Quando o novo banheiro
finalmente foi inaugurado, com prolongamento do primeiro, separado apenas por
uma cortina plástica, teve comes e bebes, fita de inauguração e discurso
emocionado do patriarca Zebedeu. O “Comedor de tudo” soltou um jato triunfal.

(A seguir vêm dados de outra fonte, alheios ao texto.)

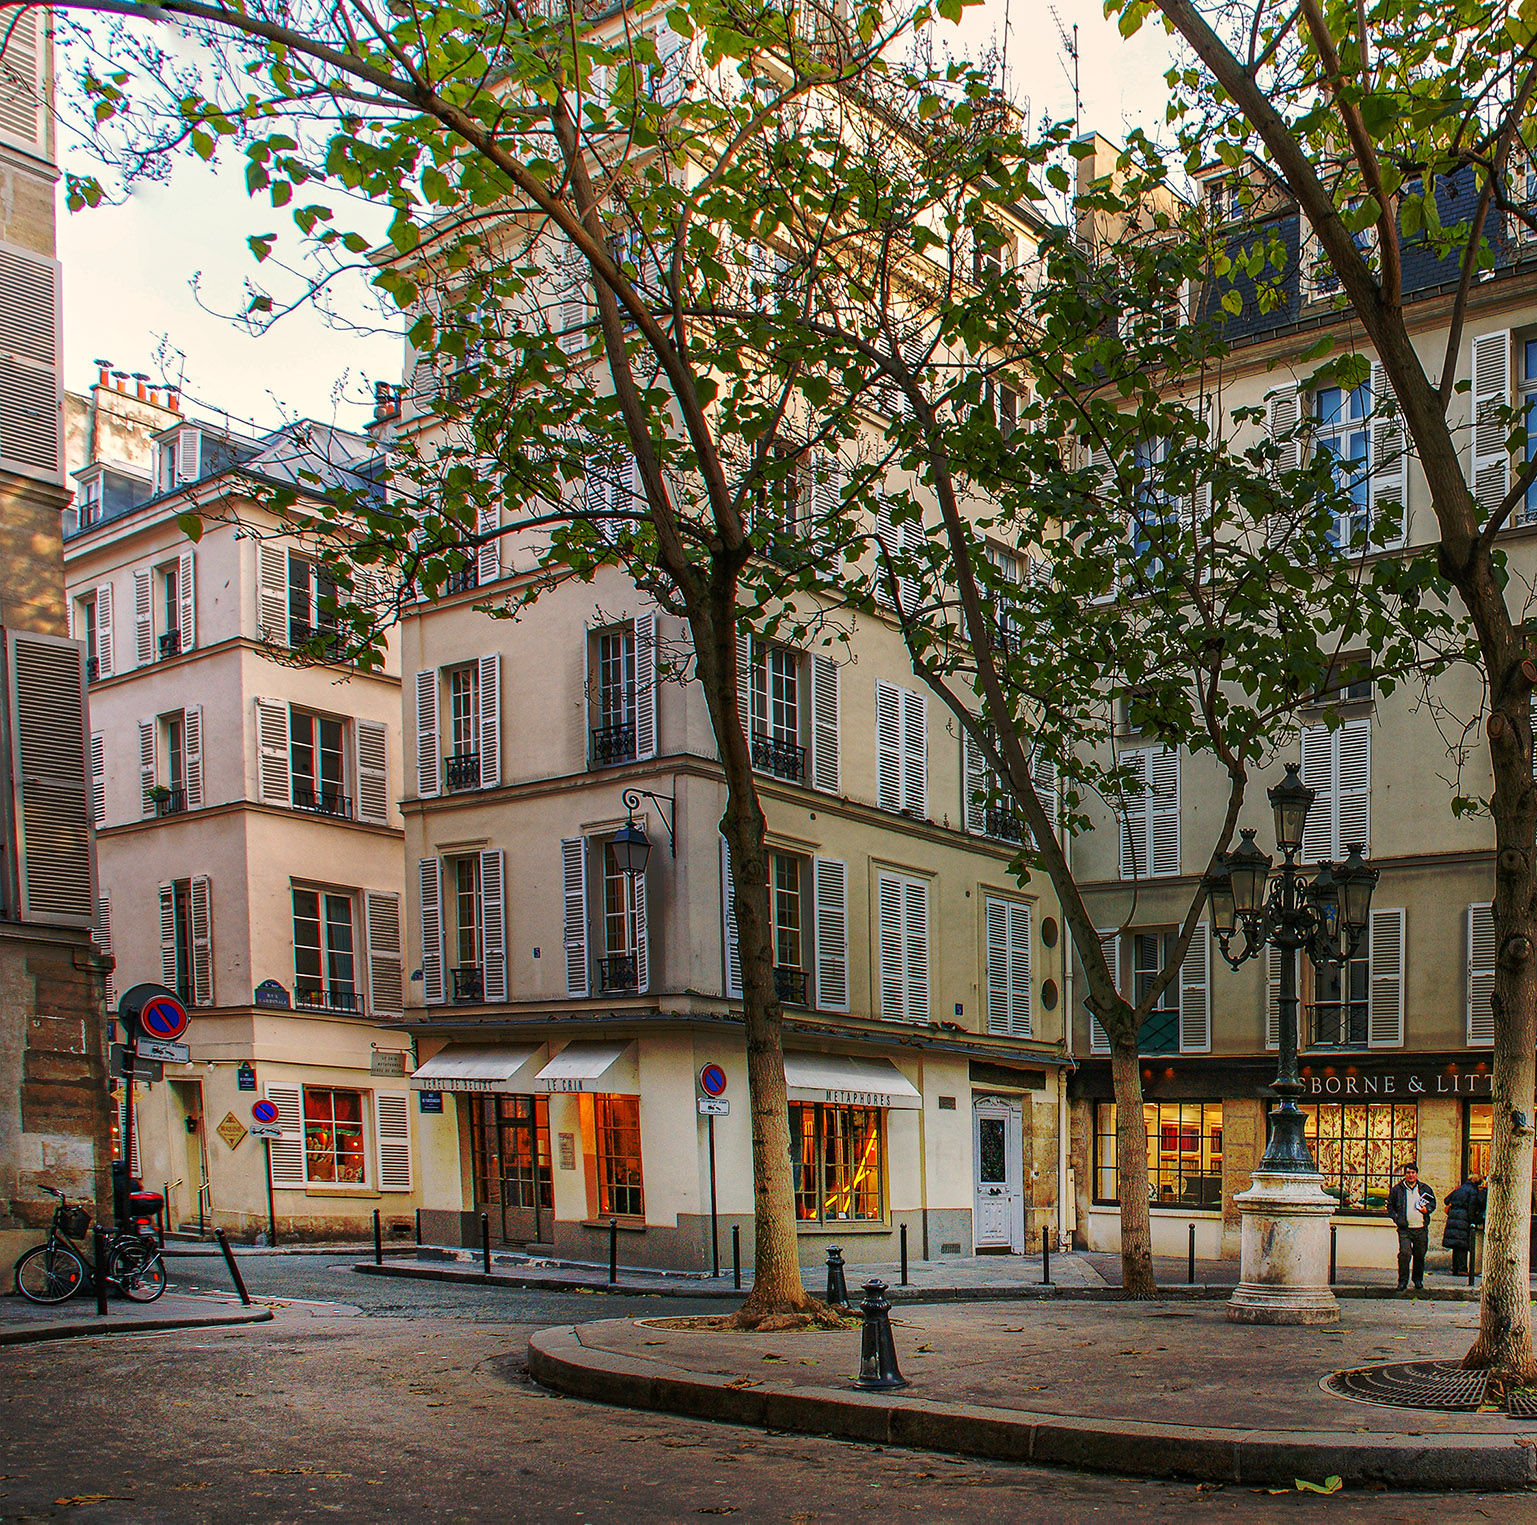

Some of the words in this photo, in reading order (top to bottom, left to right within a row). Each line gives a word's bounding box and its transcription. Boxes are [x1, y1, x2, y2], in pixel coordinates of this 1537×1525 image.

[547, 1079, 557, 1091] LE
[1298, 1075, 1396, 1095] SBORNE
[1408, 1075, 1427, 1094] &
[1437, 1074, 1494, 1093] LITT
[826, 1090, 891, 1106] METAPHORES

Como quem pretendia deixar claro um “Era só o respeito que eu queria.” O
majestoso “Comedor de tudo” ganhou, de lambuja, uma namorada, ou seja, a nova
“bacia dejetória”, trazia consigo uma maviosidade de privada para furisco
nenhum botar defeito. O trono lindo e impecável, todo de vestidinho azul, com
fitinhas amarelinha nas bordas, e até uma tampa último tipo abafou. O nome
carinhoso que foi dado a ela, pela menina Conceição, à nova privada da casa,
passou a ser chamada de “Vem que Aguento” como se a beldade (imagine!), fosse
uma personagem imbuída dos mais nobres sentimentos. Em resumo, a nova bacia
azul trouxe personalidade ímpar para um objeto cotidiano que nos dias
subsequentes se transformou efetivamente numa heroína. “Comedor de tudo”, agora
mais alegre e saltitante, teve tempo até de escrever um diário.
“Domingo passado, foi
feijoada. De novo! Estou exausto. Mas acredite, em paz. Estou vivendo um romance com a “Vem Que
Aguento”. Sobreviver às madrugadas, ficou mais fácil. Não fosse a minha amada,
juro que faria uma promessa ao santo dos cagões de barrigas em petição de
miséria, Santo Padroeiro dos Cus Desarranjados.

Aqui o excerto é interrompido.